● Records supplied:

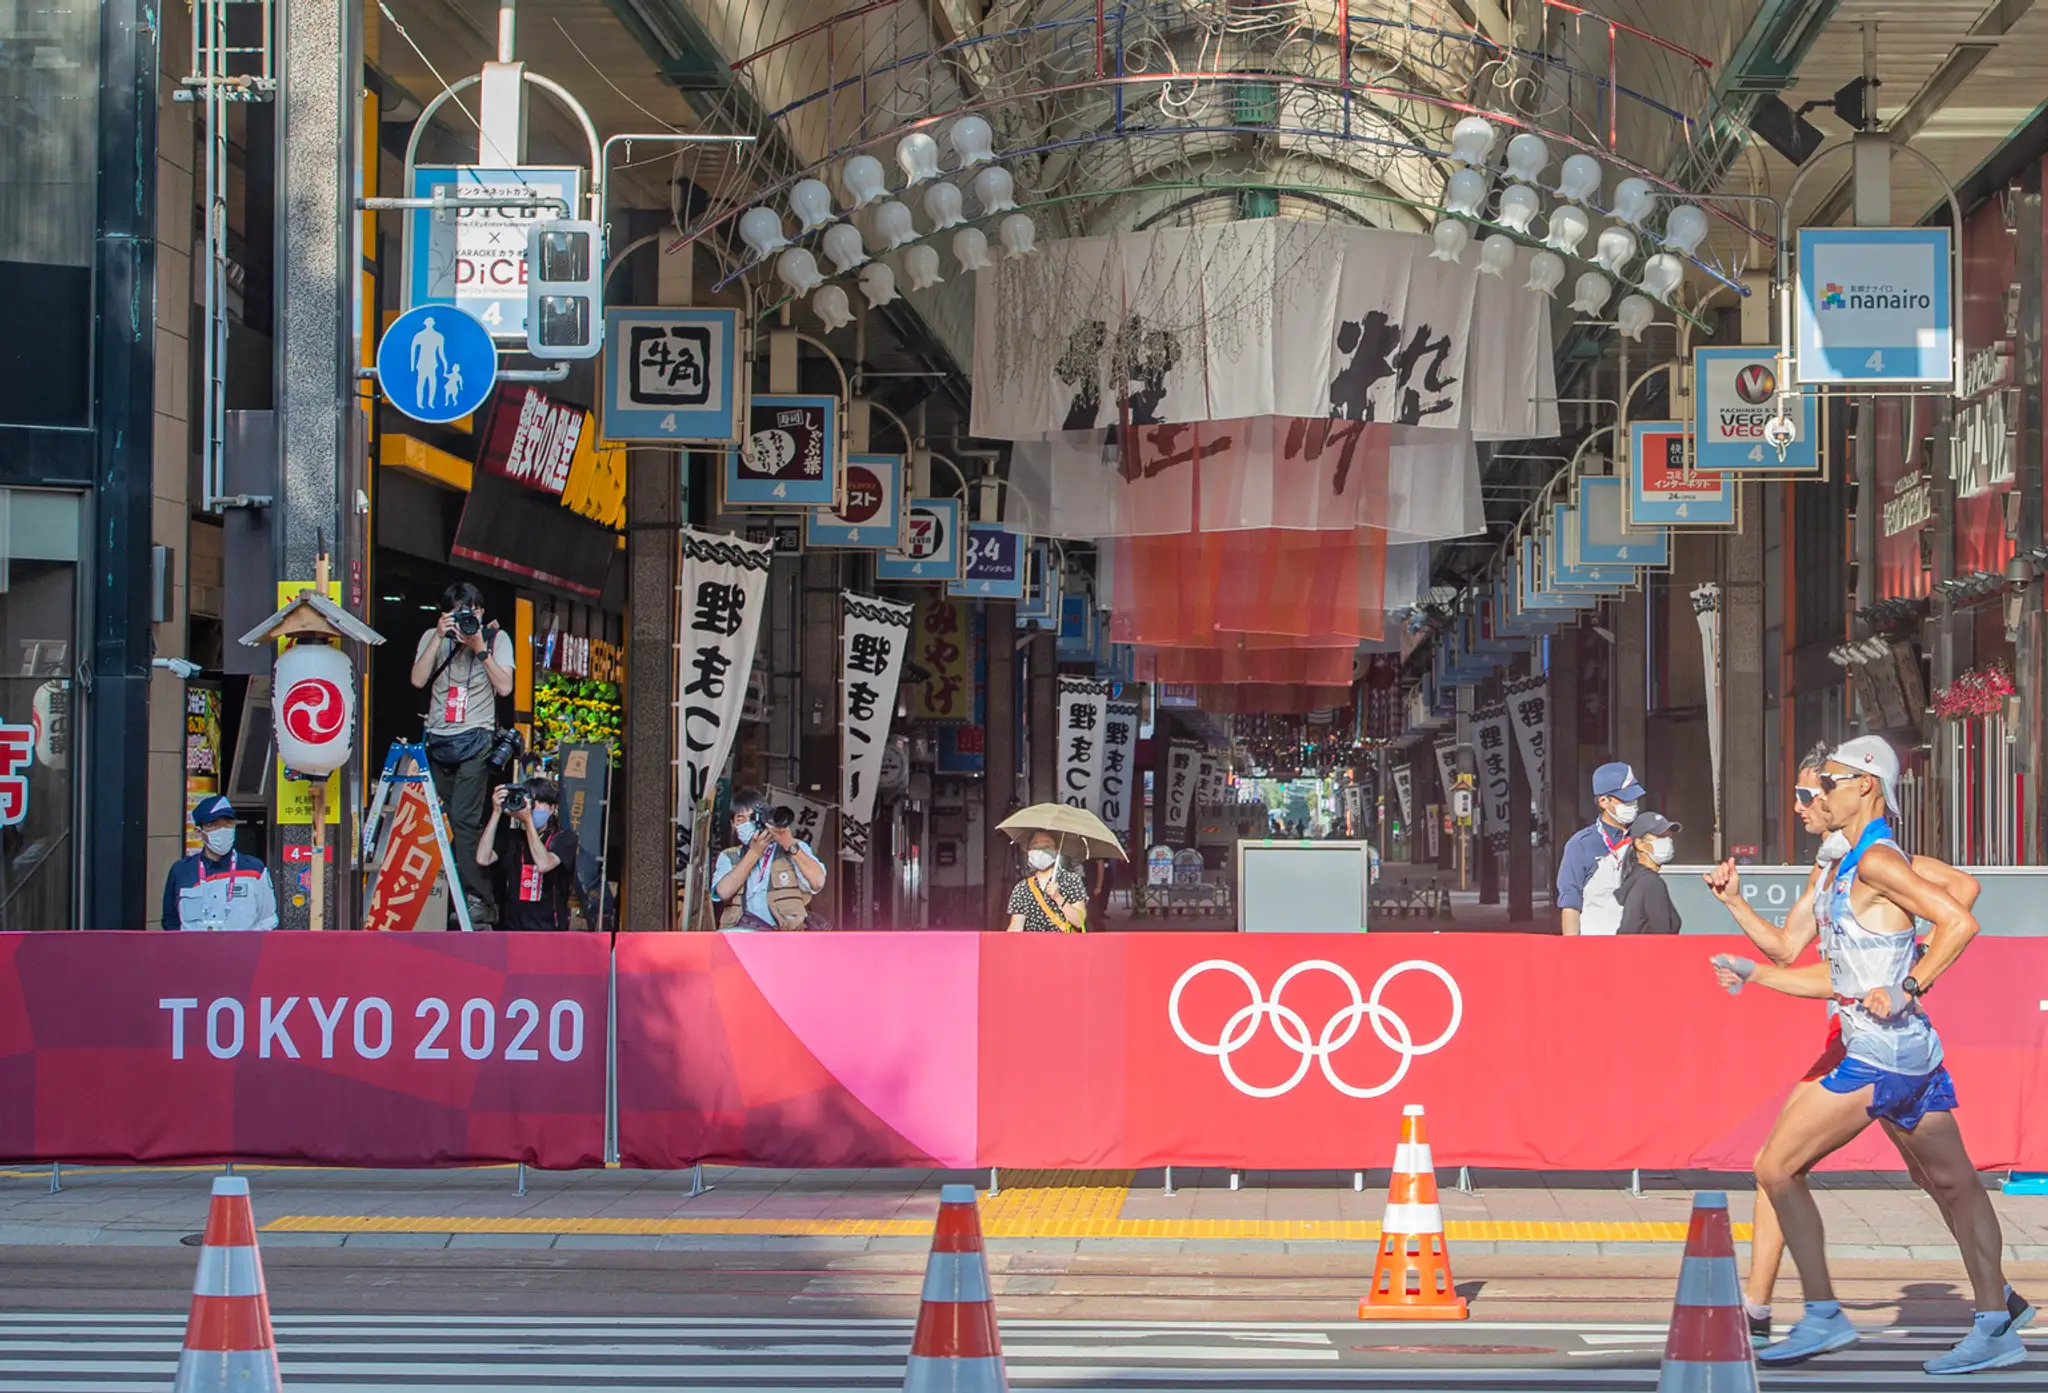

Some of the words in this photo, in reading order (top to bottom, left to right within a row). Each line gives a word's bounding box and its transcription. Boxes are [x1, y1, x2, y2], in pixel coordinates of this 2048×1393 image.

[1850, 288, 1931, 309] nanairo
[481, 301, 503, 325] 4
[640, 341, 702, 387] 牛角
[1865, 350, 1885, 372] 4
[660, 413, 677, 433] 4
[1748, 444, 1764, 462] 4
[772, 483, 786, 498] 4
[1676, 503, 1689, 518] 4
[847, 528, 860, 543] 4
[1616, 547, 1629, 560] 4
[912, 562, 923, 575] 4
[979, 581, 991, 593] 4
[158, 997, 393, 1061] TOKYO
[414, 997, 586, 1062] 2020

● What you should do:
Skip the pictures and reproduce all remaining entries exactly.

● Reply:
Some of the words in this photo, in reading order (top to bottom, left to right within a row). Each line gives a word's bounding box and its transcription. Boxes are [x1, y1, x2, y2], in pixel coordinates of this 2048×1393 image.

[1850, 288, 1931, 309] nanairo
[481, 301, 503, 325] 4
[640, 341, 702, 387] 牛角
[1865, 350, 1885, 372] 4
[660, 413, 677, 433] 4
[1748, 444, 1764, 462] 4
[772, 483, 786, 498] 4
[1676, 503, 1689, 518] 4
[847, 528, 860, 543] 4
[1616, 547, 1629, 560] 4
[912, 562, 923, 575] 4
[979, 581, 991, 593] 4
[158, 997, 393, 1061] TOKYO
[414, 997, 586, 1062] 2020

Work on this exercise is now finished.